Global shipping vulnerable to hackers

Experts warn automated systems could be exploited by cyber criminals

The shipping industry is vulnerable to hackers, as cargo ships begin to use more and more connected devices and automated systems while traversing the open seas. These cyber security loopholes could be exploited to make a freighters' cargo an easy target for teams of pirates and cyber criminals.

According to a report by Reuters, hackers have already deployed cyber attacks in order disrupt ports and the ships docked within them for purposes ranging from disabling vessels by filling networks with malware, or infiltrating systems to target specific docked cargo to steal. There are also reports that hackers have shut down a floating oil rig by breaking into its systems and causing it to tilt at an angle, making it unable to continue operating.
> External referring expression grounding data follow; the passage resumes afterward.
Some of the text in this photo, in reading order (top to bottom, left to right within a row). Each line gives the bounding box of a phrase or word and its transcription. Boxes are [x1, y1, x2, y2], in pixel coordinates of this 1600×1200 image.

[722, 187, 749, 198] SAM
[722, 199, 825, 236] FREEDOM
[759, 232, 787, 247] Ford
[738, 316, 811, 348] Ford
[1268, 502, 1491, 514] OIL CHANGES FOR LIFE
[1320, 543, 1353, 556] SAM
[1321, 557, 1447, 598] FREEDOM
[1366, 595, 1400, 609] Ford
As ships run with smaller crews and more automated systems, the fear is that they could become vulnerable to attack while sailing across the globe, with with criminals able to take advantage of them in isolated international waters.

Researchers have previously demonstrated how it's possible for hackers to use techniques such as disrupting GPS signals to force a ship to change course, which could leave the containers dangerously exposed to the threats posed by pirates.

While there's not yet much evidence that ships - still used to transport 90 per cent of the world's cargo - are regular victims of cyber attacks, there are concerns that there will soon be a rush of hackers ready to exploit vulnerable systems.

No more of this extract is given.